Media Release March 28, 2006

Early Intervention Key to Stemming Family Violence

Get in while children are very young, work with parents within the family and change the home environment for the better.

That today from one of New Zealand’s leading social agencies, the Christchurch based Family Help Trust.

FHT Chair, Sally Thompson, says violence is a learned behaviour, one of what may be many, in dysfunctional families, and with a focus on effective, proven early intervention programmes, the cycle can be broken.

“We have worked with hundreds of families and more than a thousand children over the last five years. What we are seeing is a positive change in the home, facilitated by our social workers, which is creating a safer environment for children,” she says.

Sally Thompson says children don’t come with a manual and if a parent has not had the benefit of a safe, nurturing and supportive home environment themselves when they were growing up, there’s a good chance they may not have the knowledge or skills to do the best for their children.

“Effective early intervention has be put in place as soon as possible,” she says. “As children get older and reach nine, ten or eleven, the chances of changing learned behaviour is hugely reduced,”

Sally Thompson says the Trust acts as an effective barrier at the top of the cliff not an ambulance at the bottom. She adds that it is not enough to just provide early intervention services as ineffective services merely set families up to fail.

“Early intervention programmes must be shown to be effective, the providers must also have access to essential wider support services and be independently evaluated to show that the services are effective,” she says.

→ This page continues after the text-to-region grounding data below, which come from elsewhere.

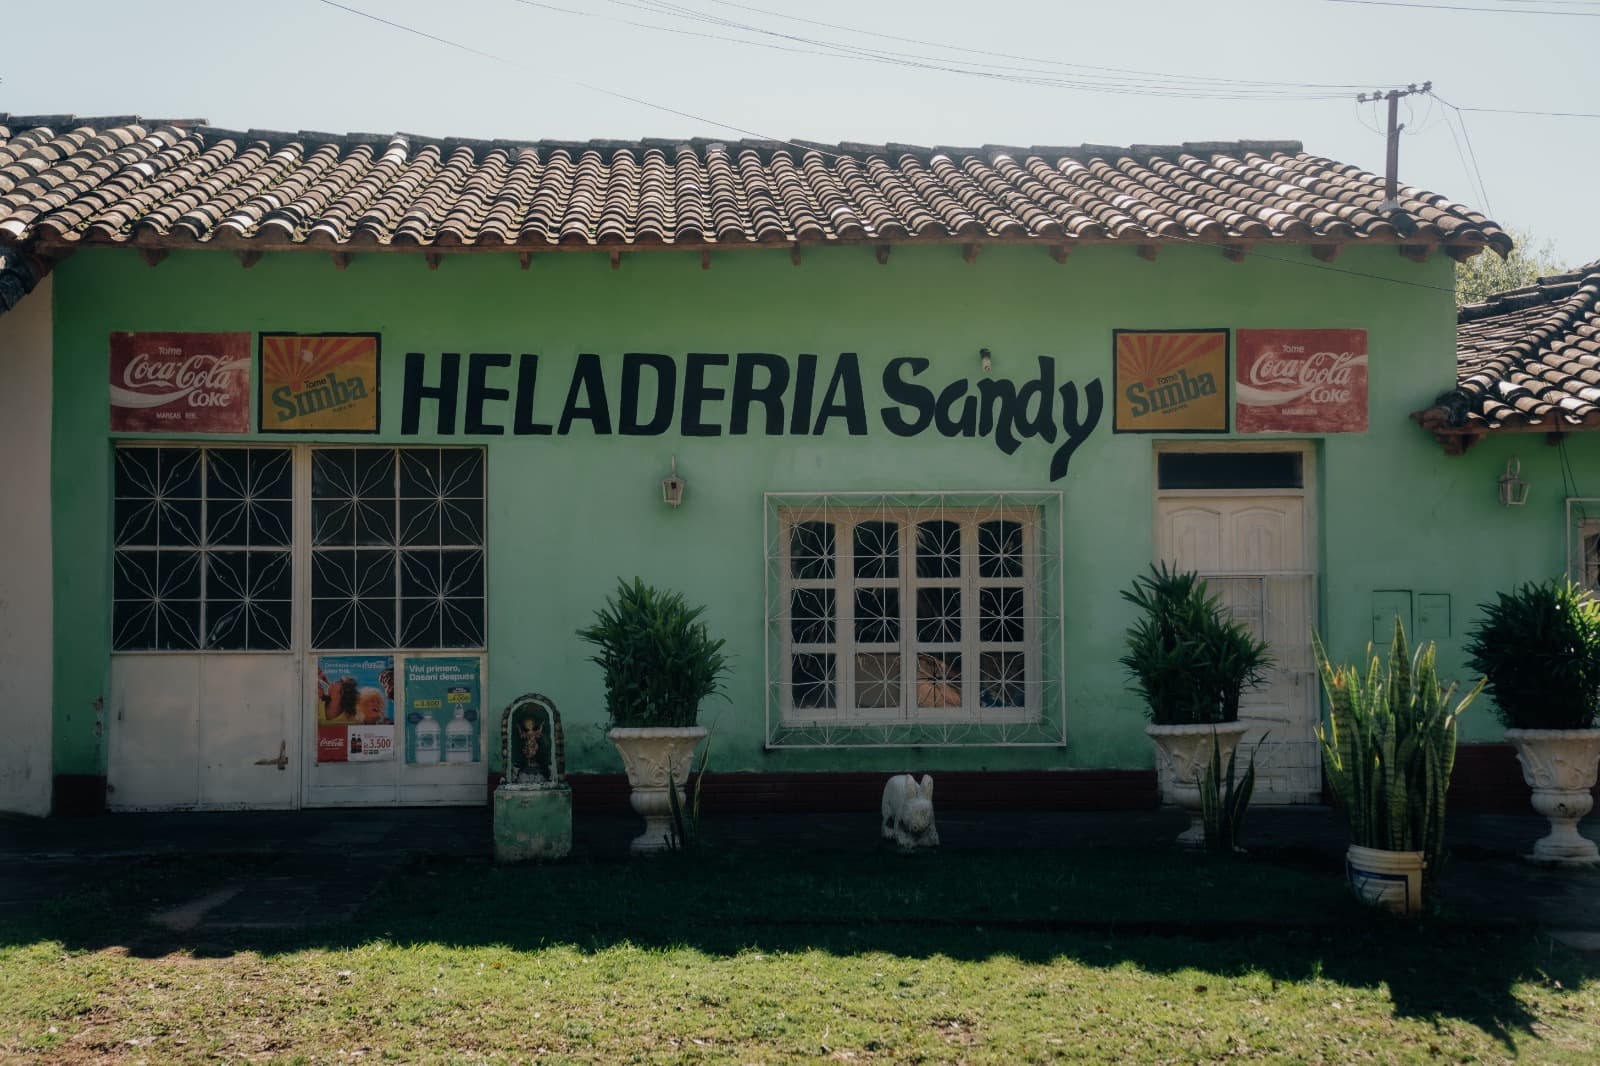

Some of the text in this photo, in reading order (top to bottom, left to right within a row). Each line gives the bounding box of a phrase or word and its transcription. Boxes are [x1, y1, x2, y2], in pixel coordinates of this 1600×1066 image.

[159, 346, 182, 356] Tome
[1282, 344, 1305, 353] Tome
[123, 353, 232, 389] Coca-Cola
[1249, 351, 1354, 386] Coca-Cola
[303, 377, 327, 389] Tome
[188, 390, 231, 407] Coke
[271, 372, 369, 422] Simba
[1126, 369, 1217, 418] Simba
[1310, 386, 1351, 404] Coke
[401, 352, 1104, 482] HELADERIA Sandy
[409, 673, 438, 681] Dasani
[369, 738, 391, 749] 3.500

Sally Thompson says the effectiveness of the Trust’s programmes is supported by evidence gathered via systems and procedures, which are rigorously designed and research is regularly independently conducted.

The Trust works within a family home to break the cycle of dysfunction and violence in high-risk families while children are under five, younger or even while a woman is pregnant. Those families are referred to the Trust by groups including midwives and GP’s.

There are currently twelve families on the Trust's waiting list with more than 600 having been successfully supported and helped over the last 5 years.